05 Spark DF Intervals Flashcards
Difference between Hadoop & Spark in-terms of intermediate result storage
Hadoop will stores intermediate result on disk.
Spark does not store intermediate result on disk but stores in memory.
Full Form of RDD
Resilient Distributed Dataset
Use of RDD
used for transformation
What are the steps before execution of a query
query –> spark sql engine –> catalyst optimizer –> RDD –> Execute
Relation between spark dataframe, table & RDD
Spark table and dataframe are logical view of RDD as all the tables are later converted to RDD.
Properties of RDD
- RDD will partition main file into multiple files. So if it has to store a file it will divide the main file into multiple small files and store it.
What are transformations
they are operations applied on dataframes to produce a new dataframe.
Types of transformations
Narrow and wide transformations
Define Narrow Transformation
while executing the file is converted to rdd which will break the file into multiple small files. Now when we need to apply transformations like where the operation is performed on each partition and finally the output is generated.
there is not shuffle in this.
Define wide transformation
while executing the file is converted to rdd which will break the file into multiple small files.
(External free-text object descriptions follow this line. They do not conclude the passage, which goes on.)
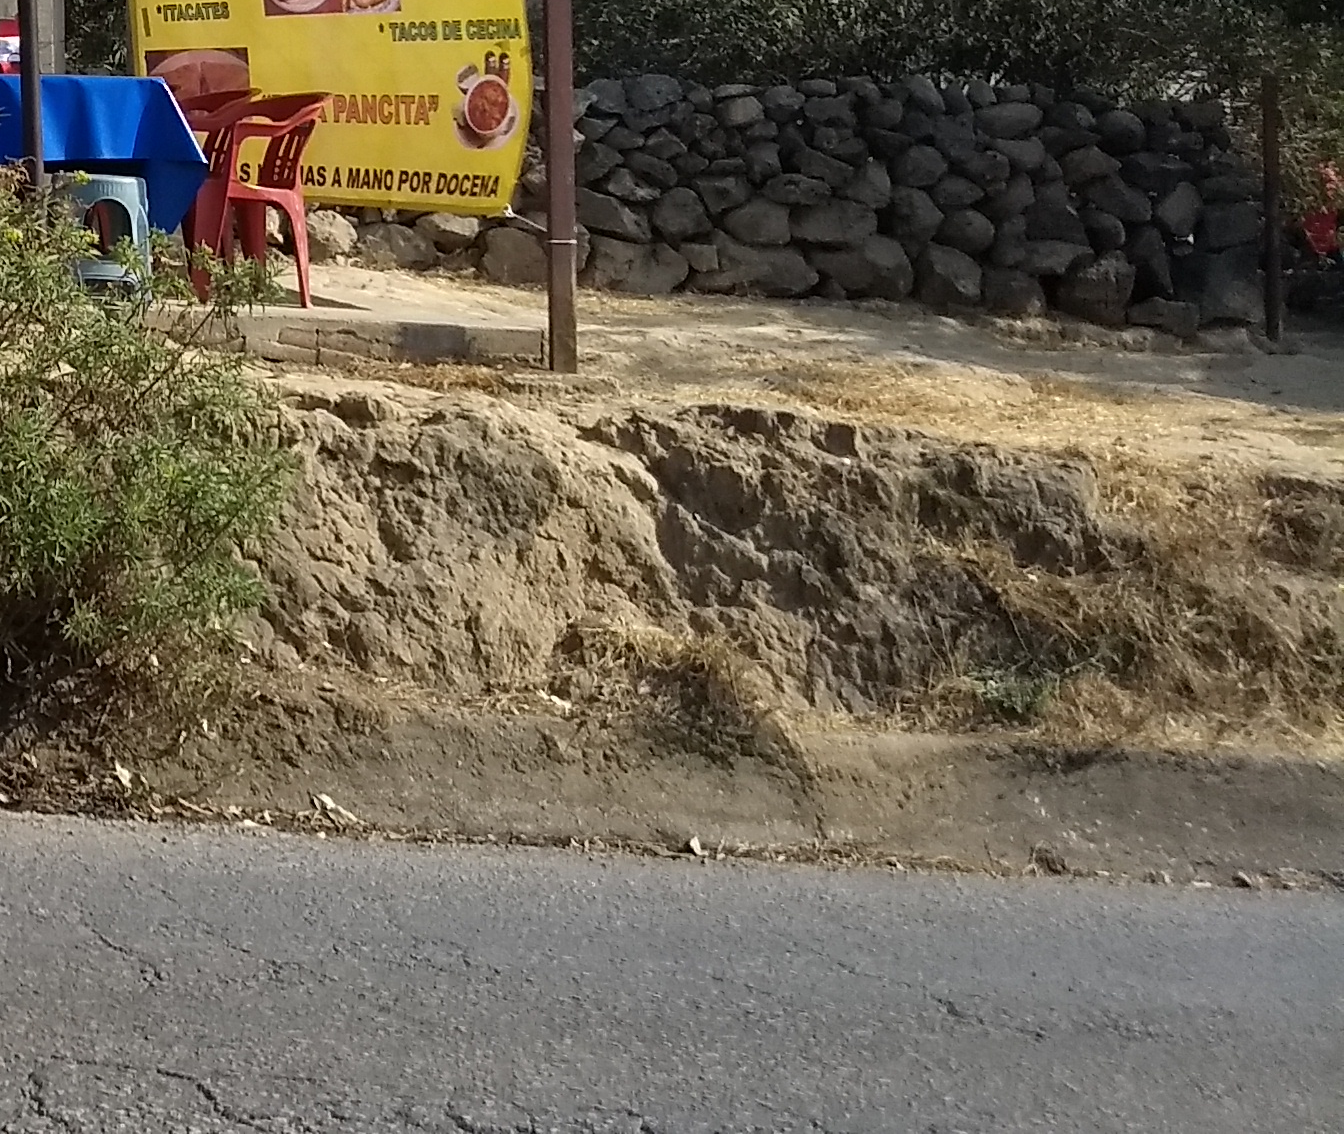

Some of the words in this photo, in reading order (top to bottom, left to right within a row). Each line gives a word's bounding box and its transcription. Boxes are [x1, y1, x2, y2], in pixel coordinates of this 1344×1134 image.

[162, 1, 230, 22] ITACATES
[389, 20, 437, 42] TACOS
[441, 20, 463, 41] DE
[465, 18, 522, 41] CECINA
[331, 167, 343, 187] A
[346, 168, 393, 192] MANO
[397, 170, 431, 194] POR
[435, 173, 500, 198] DOCENA
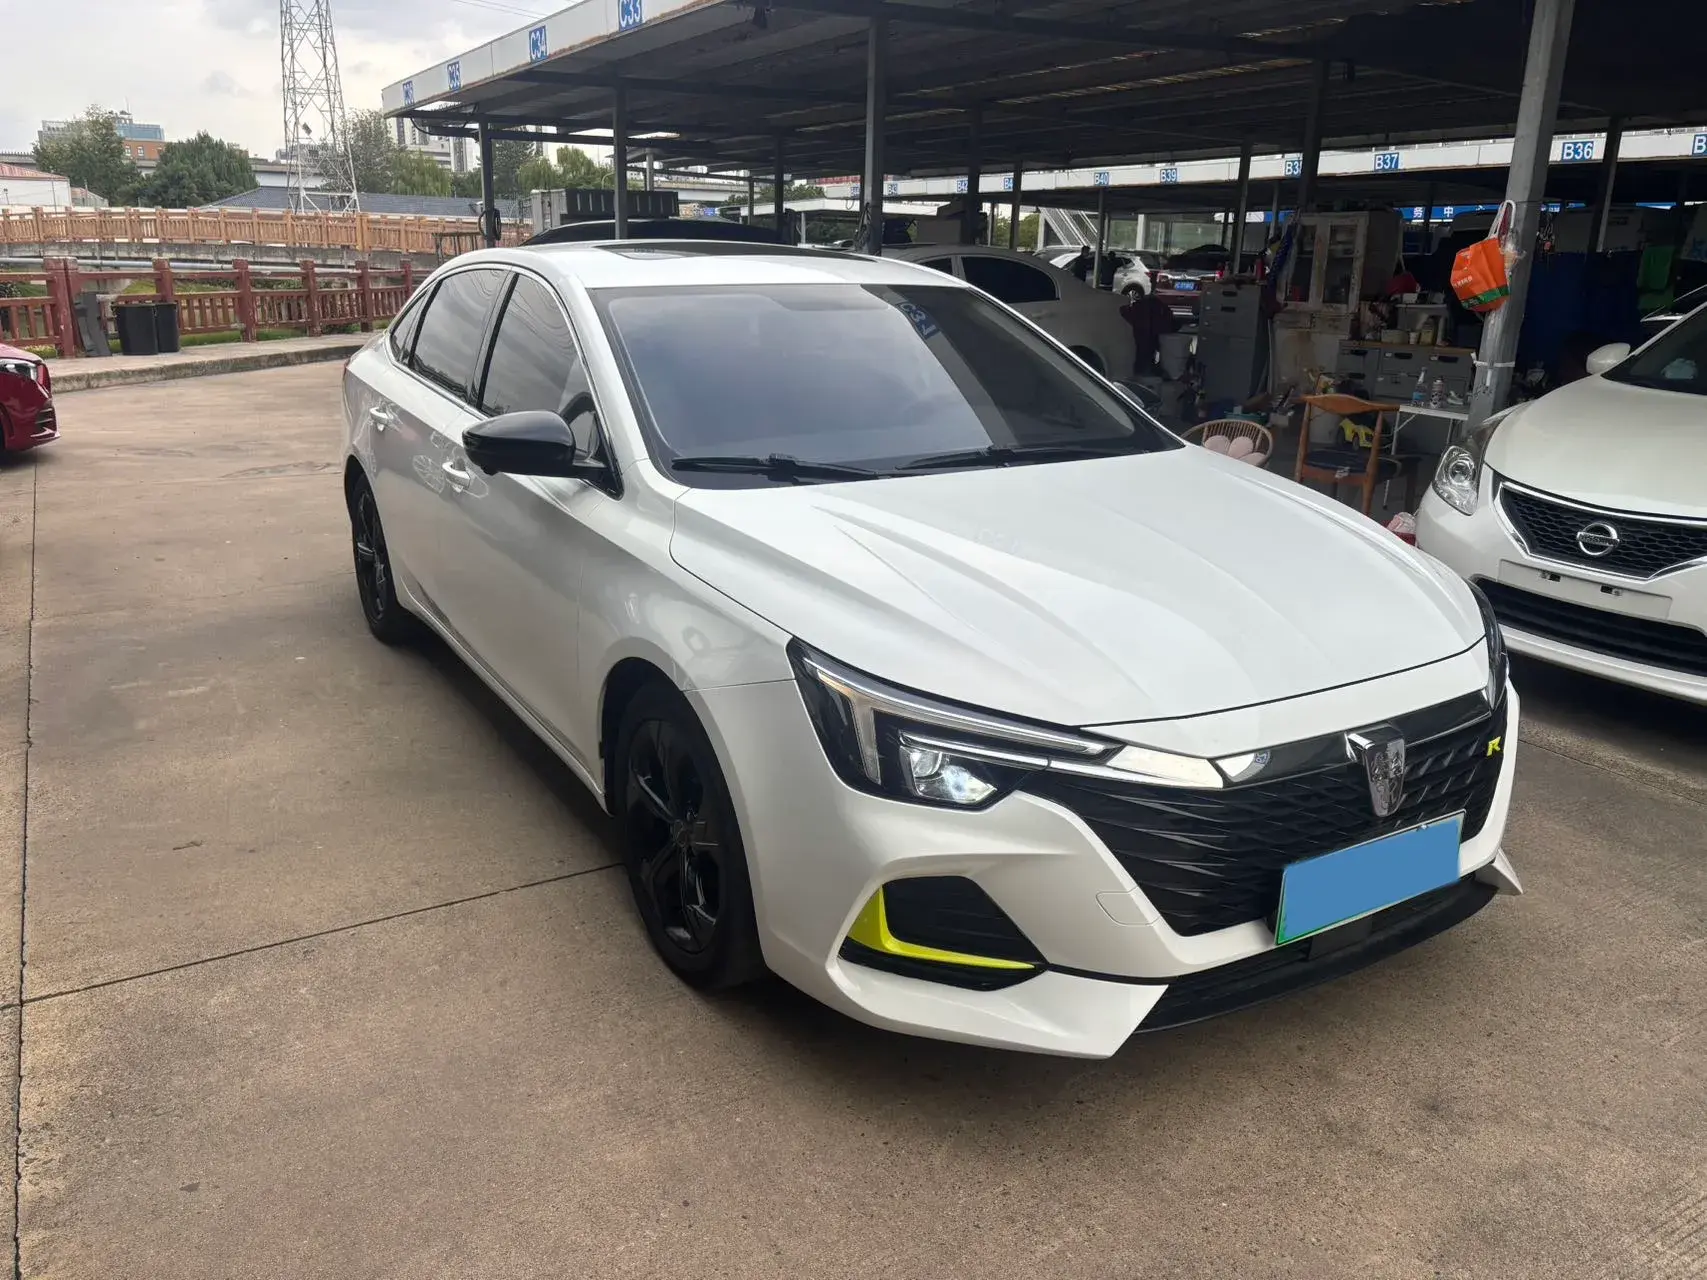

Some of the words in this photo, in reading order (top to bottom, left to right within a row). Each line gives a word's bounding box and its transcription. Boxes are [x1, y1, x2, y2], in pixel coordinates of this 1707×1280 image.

Now when we need to apply transformations like group by the operation is performed on each partition and finally the output should be combined from each partition which causes shuffle.
How does spark divide its hierarchy(job)
job –> stages –> tasks
how are jobs decided
- based on dependencies on a table jobs are decided.
- each action is divided into 1 job.
how are jobs executed
- spark creates a logical query plan for each job
- jobs are broken at each wide transformation.
- each wide transformation will create 2 stages.
features of stages
- the last operation of a stage is either a wide transformation or an action.
stages can not run parallelly.
features of a task
- if data has x partitions; transformation will be applied on each partition hence x tasks will be created.
- output of each task is stored in an exchange buffer.
- number of tasks depends on number of partitions.
- tasks run parallelly